The cash profit for Q1 reached Rs 1,043 crore, up by 15 percent year-on-year, as EBITDA peaked at Rs 2,017 crore during the quarter, fueled by strong performance in the transmission and distribution sectors, alongside significant contributions from the smart metering business segment.
The firm reported a robust 28 percent year-on-year growth in total income, amounting to Rs 7,026 crore in Q1 FY26. This growth was supported by stable operational performance, increased SCA (Service Concession Arrangement) income due to higher capital expenditure, and a growing contribution from the smart metering sector, as stated by the company.
“We are delighted to announce another strong quarter. Our effective on-ground execution and concentrated operational maintenance have enabled consistent progress on project capex growth, which remains a key performance metric as we aim to unlock the vast growth potential in our core business sectors,” stated Kandarp Patel, CEO of Adani Energy Solutions.
In the quarter, the company accomplished the commissioning of three new transmission lines and reached an industry-leading daily run-rate for smart meter installations.
“We are not only looking to sustain this momentum but also to enhance our efforts towards the timely completion of our ongoing project pipeline. The business outlook remains positive, as the sector is brimming with opportunities supported by regulatory backing and robust underlying factors such as power demand and an evolving energy mix. AESL is excited to seize new opportunities within the risk-reward matrix and capital allocation strategy of the company,” Patel added.
During this quarter, the company successfully commissioned three transmission projects: Khavda Phase II Part-A, Khavda Pooling Station-1 (KPS-1), and Sangod transmission.
Additionally, the company secured a new transmission project, WRNES Talegaon line. With this addition, the under-construction order book now totals Rs 59,304 crore.
Capital expenditure in Q1 FY26 rose significantly, increasing by 1.7 times to Rs 2,224 crore, compared to Rs 1,313 crore in Q1 FY25.

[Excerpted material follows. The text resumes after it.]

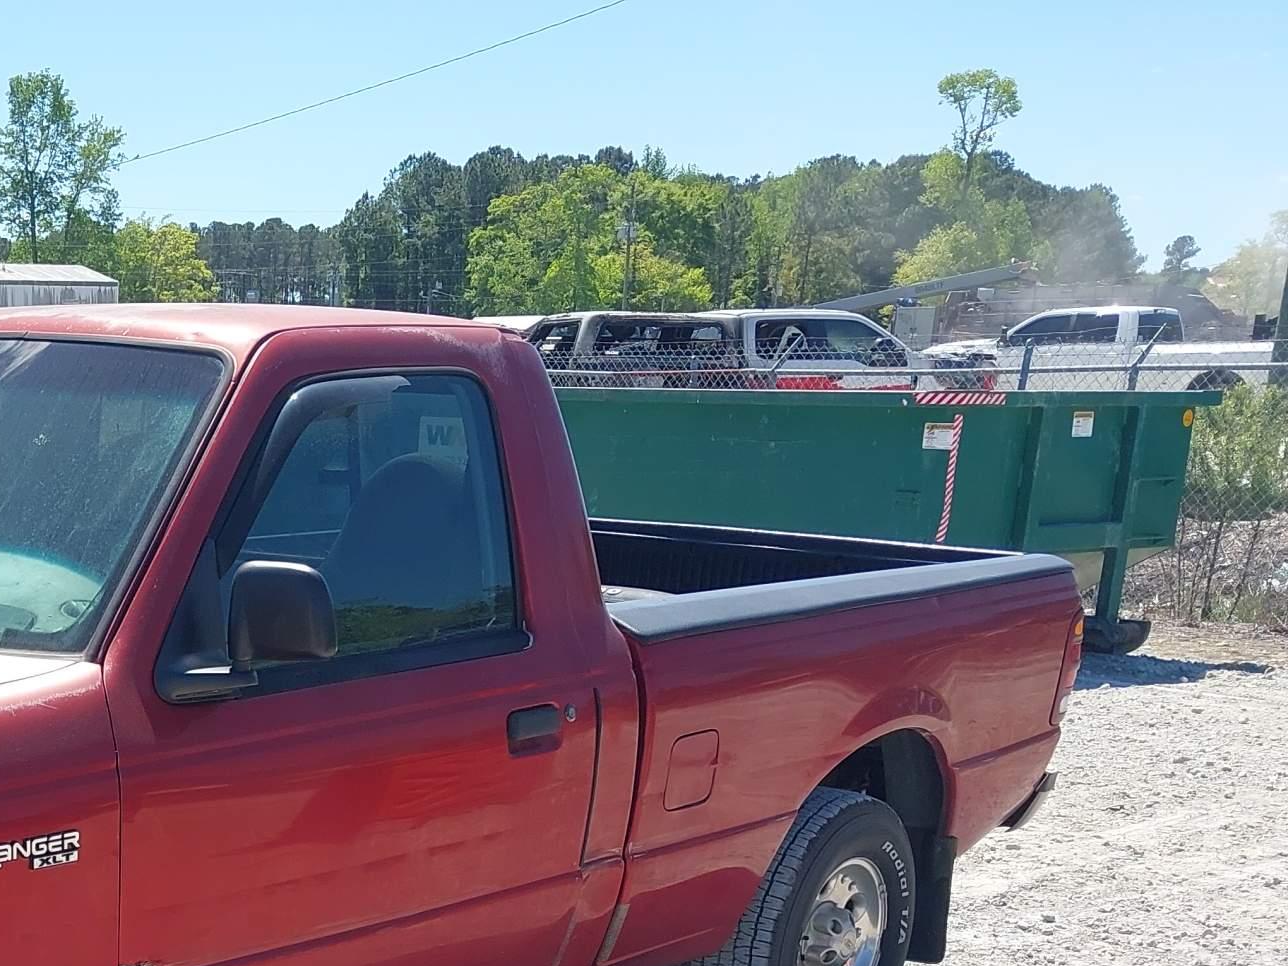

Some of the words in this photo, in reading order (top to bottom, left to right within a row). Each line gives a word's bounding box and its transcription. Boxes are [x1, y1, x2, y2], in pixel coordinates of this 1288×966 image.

“We expect a considerable uptick in AESL’s capital expenditure rollout and new bidding activities starting in Q2 as the monsoon season concludes,” Patel remarked.
During this quarter, the company installed an additional 24 lakh smart meters, bringing the total to 55.4 lakh smart meters with a daily run rate of 25,000-27,000 meter installations.
The goal for the company is to install 70 lakh new meters this year, aiming for a minimum cumulative total of 1 crore meters by the end of FY26.